(re)generating a "Renewal Configuration File" for a dns01-auth'd domain/cert, for remote deployment & automated *renewal*?

i’m working an a certbot script to automate my renewals.

my locally-managed setup includes ‘preferred-challenges = dns’ & ‘authenticator = dns-rfc2136’.

cert gen is trivial, with

 certbot -c $conf/cli.ini \
  certonly \	  
  --csr            $csrs/request.ec.csr.der \
  --cert-path      $certs/cert.ec.crt.pem \
  --chain-path     $certs/intermediate_ca.ec.crt.pem \
  --fullchain-path $certs/fullchain.ec.crt.pem

where,

cat cli.ini

	non-interactive = true
	agree-tos = true
	email = "me@example.com"
	duplicate = true
	expand = true
	manual-public-ip-logging-ok
	break-my-certs = true
	hsts = true
	must-staple = true
	redirect = true
	rsa-key-size = 4096
	staple-ocsp = true
	uir = true
	preferred-challenges = dns
	authenticator = dns-rfc2136
	dns-rfc2136-credentials = "/sec/le/rfc2136.creds"
	dns-rfc2136-propagation-seconds =  60
	work-dir = /var/lib/letsencrypt
	logs-dir = /var/log/certbot
	max-log-backups = 0

as for deployment/install, since i’m using dns auth, apparently “run” & its install hooks don’t function.

it’s easy enough to manually deploy the generate certs to my remotes outside of certbot.

now, i’m trying to get a certbot instance on those remotes to renew the live/deployed certs.

for that, iiuc, I need to feed certbot the domain’s “Renewal Configuration File”.

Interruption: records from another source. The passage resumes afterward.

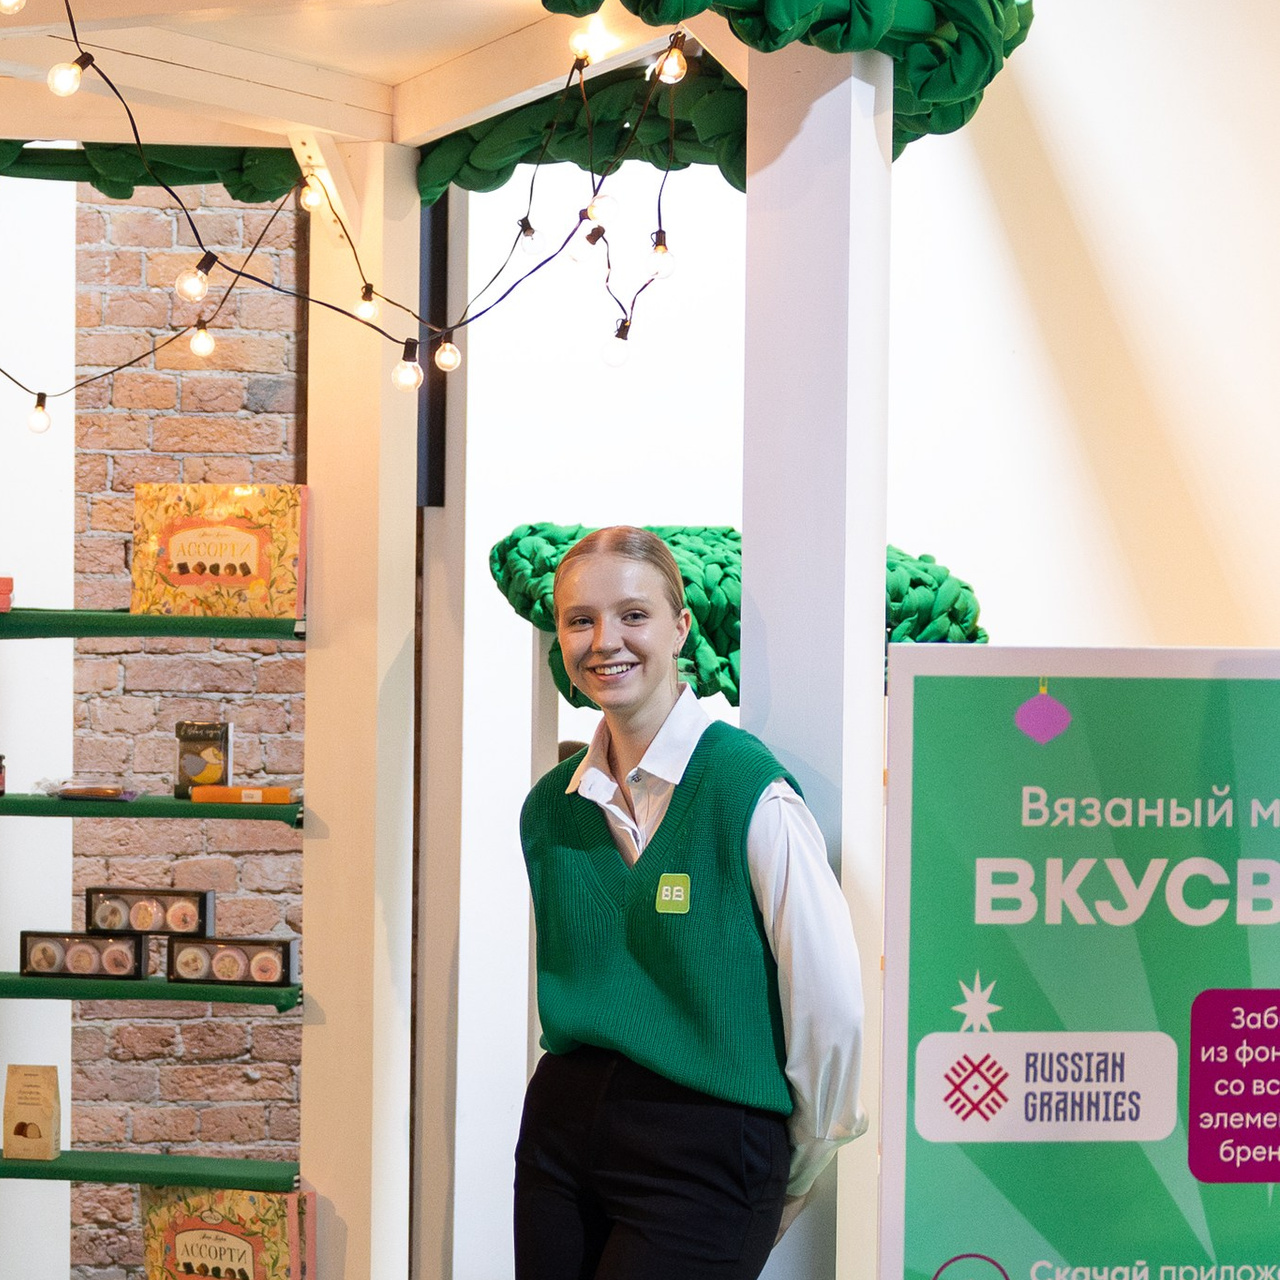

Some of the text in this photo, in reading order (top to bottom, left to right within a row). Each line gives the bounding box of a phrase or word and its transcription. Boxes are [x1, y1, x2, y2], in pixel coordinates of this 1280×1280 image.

[1021, 785, 1234, 828] Вязаный
[1231, 1006, 1280, 1030] Заб
[1201, 1046, 1228, 1063] из
[1024, 1051, 1126, 1084] RUSSIAN
[1214, 1079, 1245, 1096] со
[1023, 1091, 1141, 1124] GRANNIES
[1199, 1112, 1280, 1129] элеме
[181, 1243, 247, 1264] АССОРТИ

but, one’s not generated in the ‘certonly’ step; There’s no relevant “…/renewal/” DIR that I can find.

how do I force the creation of “Renewal Configuration File” for a domain?

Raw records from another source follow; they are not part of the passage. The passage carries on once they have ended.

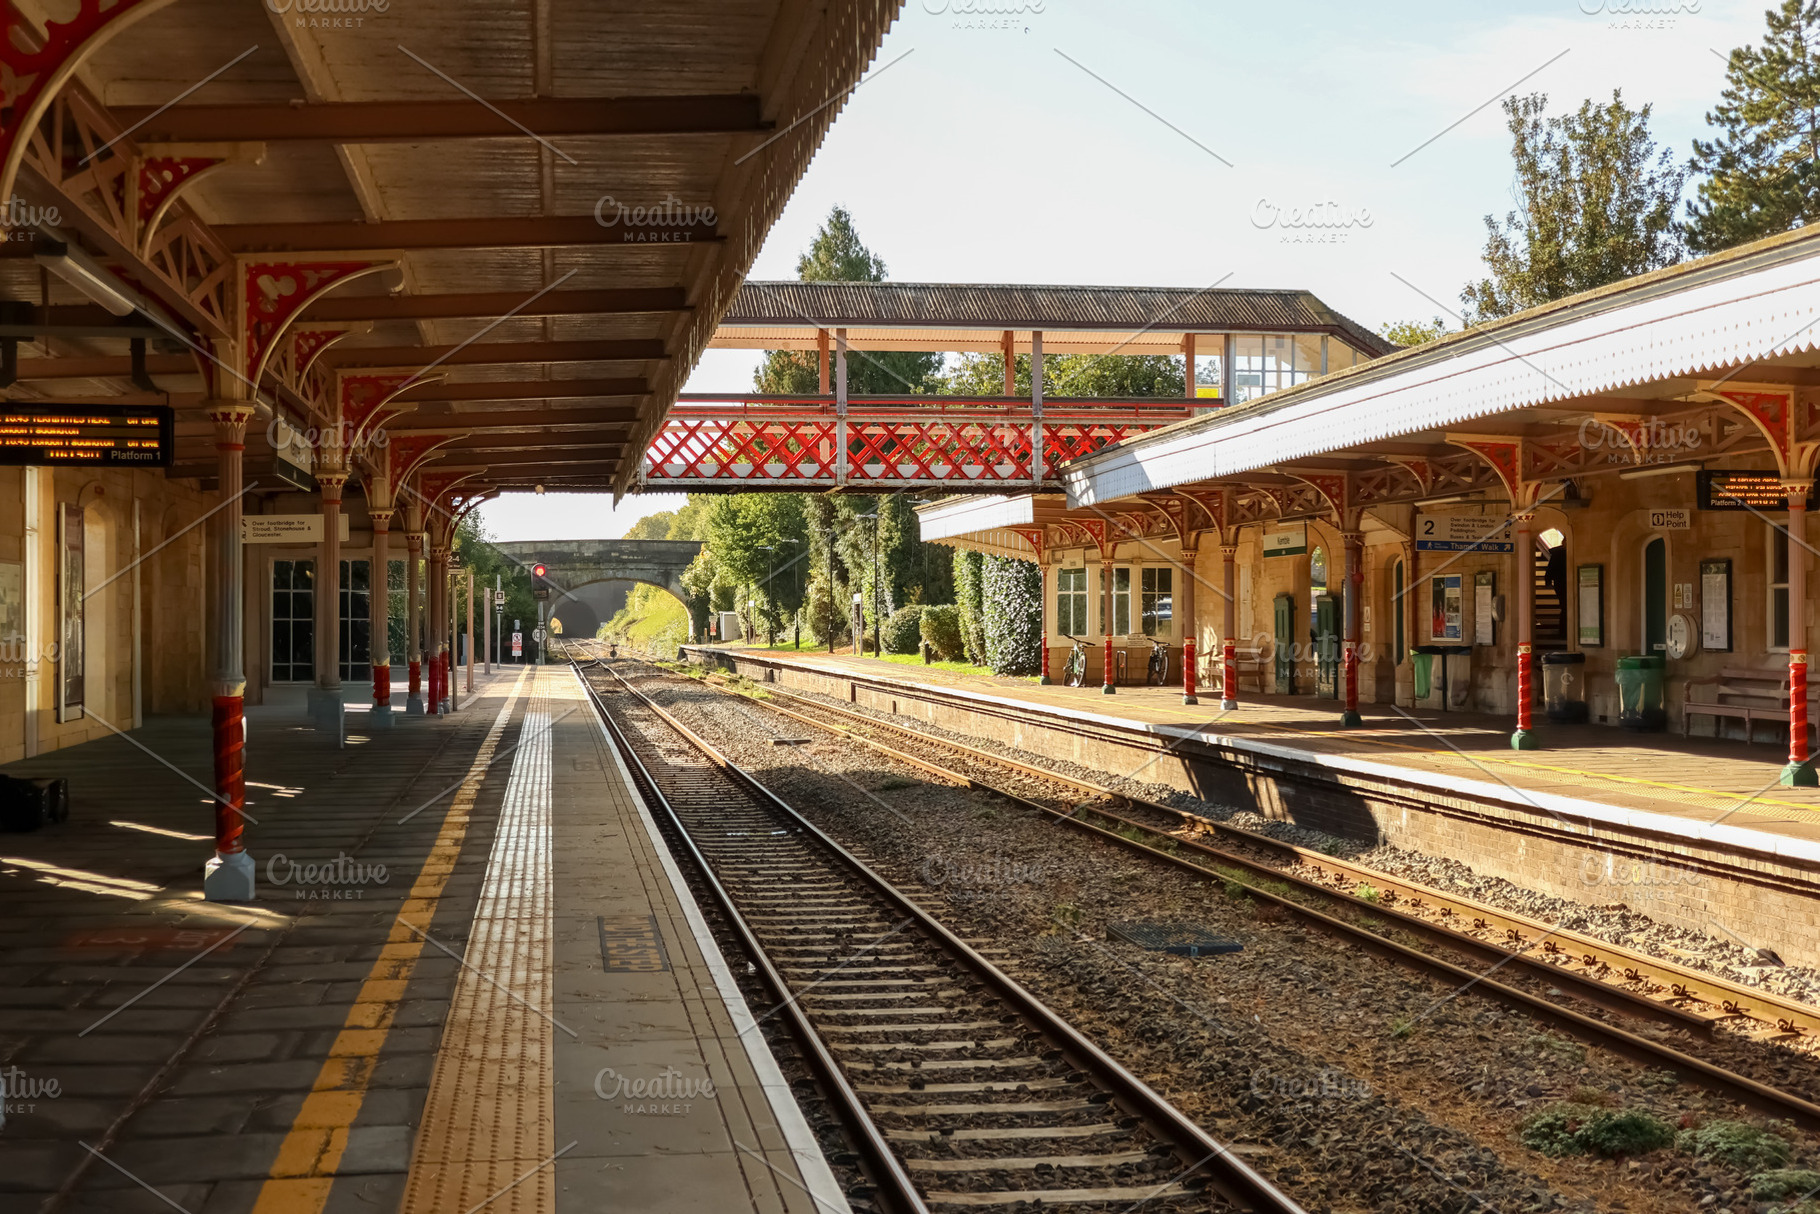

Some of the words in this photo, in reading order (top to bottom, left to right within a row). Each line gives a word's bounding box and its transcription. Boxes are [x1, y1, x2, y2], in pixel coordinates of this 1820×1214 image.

[111, 450, 152, 460] Platform
[156, 451, 160, 460] 1
[1424, 520, 1435, 535] 2
[1666, 520, 1687, 528] Point
[608, 948, 662, 971] STEP

or, where’s the doc for manually creating one, and pointing ‘renew’ at it?

When you run Certbot with --csr, it essentially cuts out 99% of the functionality present in Certbot related to renewal (and generation of any renewal configuration). It is completely stateless.

For most users, it is not a recommended mode of operation.

The basic model for what I think you want to do is something like:

certbot certonly \
--dns-rfc2136 --dns-rfc2136-credentials=... \
-d example.com \
--deploy-hook /sbin/deploy-to-remotes.sh

where the deploy hook just copies the fullchain.pem via rsync or whatever to your other servers and triggers a server reload on them.

If the (by default) rotation of the private key is a problem for you, you can use --reuse-key, bootstrap the private key one time to your remotes, and after that, only sync the renewed certificate.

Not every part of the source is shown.